Poverty remains endemic in many parts of Africa. Without greater economic freedom, this is unlikely to change. Poor Africans need to be empowered to start businesses, trade freely, and search for work in an open and competitive labor market. Without greater access to economic opportunity, millions of people will stay mired in subsistence farming.

Many Africans lack the political voice to fight for greater economic freedom. Ruling politicians routinely silence and discredit opposition figures that call for political and economic liberalization. The rule of law is weak, and ruling regimes can easily punish dissenters. When elections do occur, they are often fraudulent, allowing leaders to maintain their grip on power under the guise of democracy. Civil society on the continent is often too weak to meaningfully hold politicians accountable or widely promote alternative policy measures.
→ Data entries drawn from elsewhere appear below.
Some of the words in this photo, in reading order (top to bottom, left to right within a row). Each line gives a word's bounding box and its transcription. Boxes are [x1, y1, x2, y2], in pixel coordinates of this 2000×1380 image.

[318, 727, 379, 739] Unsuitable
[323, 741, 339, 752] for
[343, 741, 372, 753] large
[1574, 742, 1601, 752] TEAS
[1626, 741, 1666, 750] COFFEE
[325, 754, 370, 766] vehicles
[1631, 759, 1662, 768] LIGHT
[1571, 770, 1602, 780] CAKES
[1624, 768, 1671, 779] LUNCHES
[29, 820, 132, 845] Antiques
The situation has been made worse by COVID-19. Repressive governments have used the crisis to insert themselves more forcefully into the lives of their citizens. In Nigeria, for example, the government routinely blocks social media posts, and the police are given free rein, in many cases terrorizing and extorting the citizenry. Likewise, restrictive economic policies have become even harsher through mandatory lockdowns and increased surveillance.

What can be done

Civil society must work hand-in-hand with citizens to promote the message of greater economic and political freedom. For this to be possible, young people across the continent will have to support the message of freedom and look to form partnerships with civil society groups that advocate liberal policies. As things currently stand, civil society is too underdeveloped to reach a critical mass of people or seriously affect government policy.
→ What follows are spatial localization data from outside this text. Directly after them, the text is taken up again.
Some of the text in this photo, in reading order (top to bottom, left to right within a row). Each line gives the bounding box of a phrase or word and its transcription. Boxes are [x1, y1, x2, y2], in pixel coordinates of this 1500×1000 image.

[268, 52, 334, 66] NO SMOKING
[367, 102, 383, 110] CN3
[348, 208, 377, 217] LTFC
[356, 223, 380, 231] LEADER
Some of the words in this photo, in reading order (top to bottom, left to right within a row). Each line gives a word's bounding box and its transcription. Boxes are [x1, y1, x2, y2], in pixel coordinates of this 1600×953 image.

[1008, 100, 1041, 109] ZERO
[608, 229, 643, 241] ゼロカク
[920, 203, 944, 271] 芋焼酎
A first step in this process is to rally support for the message of freedom by promoting it on social media. Young people across the continent are technologically savvy and respond well to infographics and audio-visual messages. These messages should be educational and convince viewers of the personal benefits that greater freedoms provide.

Activists and organizers should also seek to revive and bolster programs about freedom at universities across the African continent. For instance, the organization Students for Liberty promotes the ideas of freedom among university students, and could serve as a model for similar programs to introduce younger generations to the benefits of a freer society.

Framing the message

For the message of economic and political freedom to resonate in the region, people must come to identify with the personal benefits that accompany greater freedoms. Many voters do not fully understand the effect of free-market policies and choose not to support them. Greater freedoms should be presented as policies that make starting a business easier or reduce the amount citizens pay in taxes.
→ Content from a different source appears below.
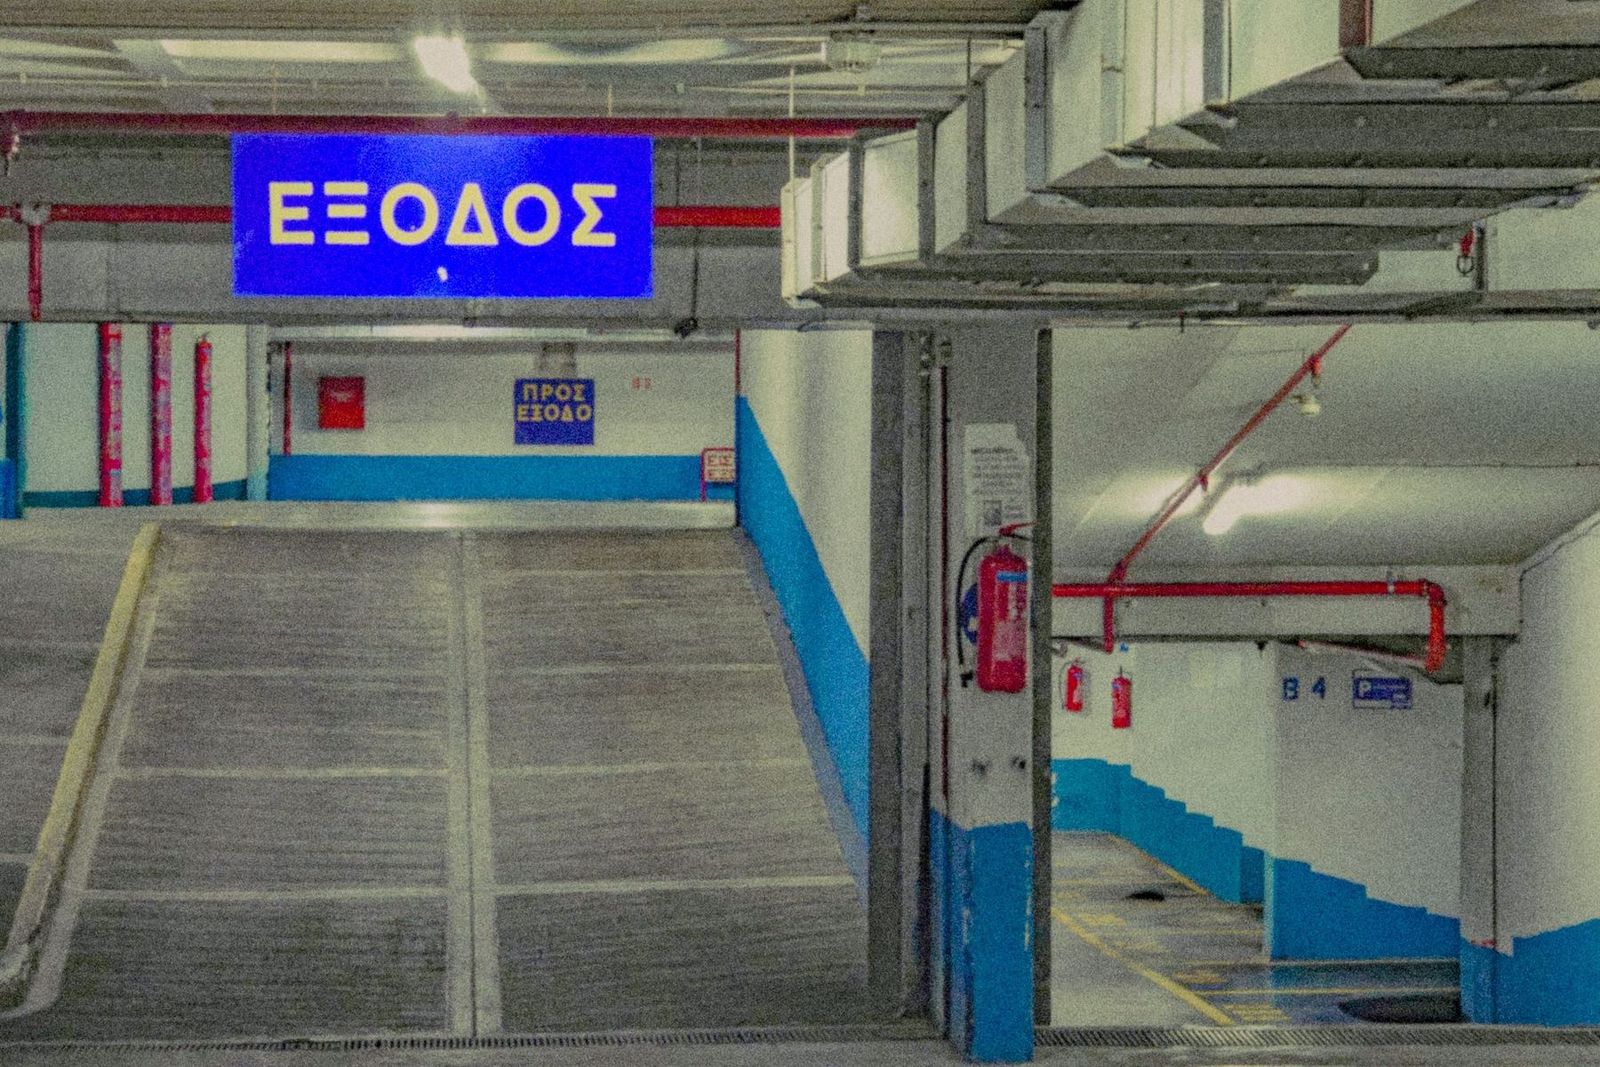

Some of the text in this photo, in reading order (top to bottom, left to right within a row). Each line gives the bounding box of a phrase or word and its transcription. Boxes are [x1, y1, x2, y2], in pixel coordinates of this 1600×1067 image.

[268, 181, 618, 246] ΕΞΟΔΟΣ
[522, 383, 585, 401] ΠΡΟΣ
[517, 403, 592, 422] ΕΞΟΔΟ
Moreover, any appeal to Africans should be framed in light of existing African culture and values, not as an import from Europe or the United States. For instance, there is a traditional saying that “a chief is a chief by the will of the people.” Likewise, in Nigeria, classical government involved the people directly giving their opinions to the king. The roots of representative government can be found in indigenous African political traditions, and these links should be emphasized in messaging campaigns.  

Success stories on the African continent should also be highlighted. Botswana presents perhaps the best example of development on the continent. When it became independent, Botswana was among the poorest countries in the world and the poorest in Africa. The country’s first president, Seretse Khama, set about transforming the country through free-market policies, strong anti-corruption measures, and a commitment to elections and the rule of law. Additionally, Khama established an independent judiciary and maintained the professionalism of the civil service, endowing the country with strong institutions that have held up over time. In the years following Khama’s reforms, Botswana has seen exceptional growth and now ranks among the wealthiest countries in Africa.

Finally, messaging must accommodate the current political climate. Governments in the region may fear a loss of control from disruptive political messaging. Messages in support of freedom should be expressed in such a way that governments do not feel threatened; rather, governments must be reassured that by allowing greater freedom, their people will become more satisfied with their rule.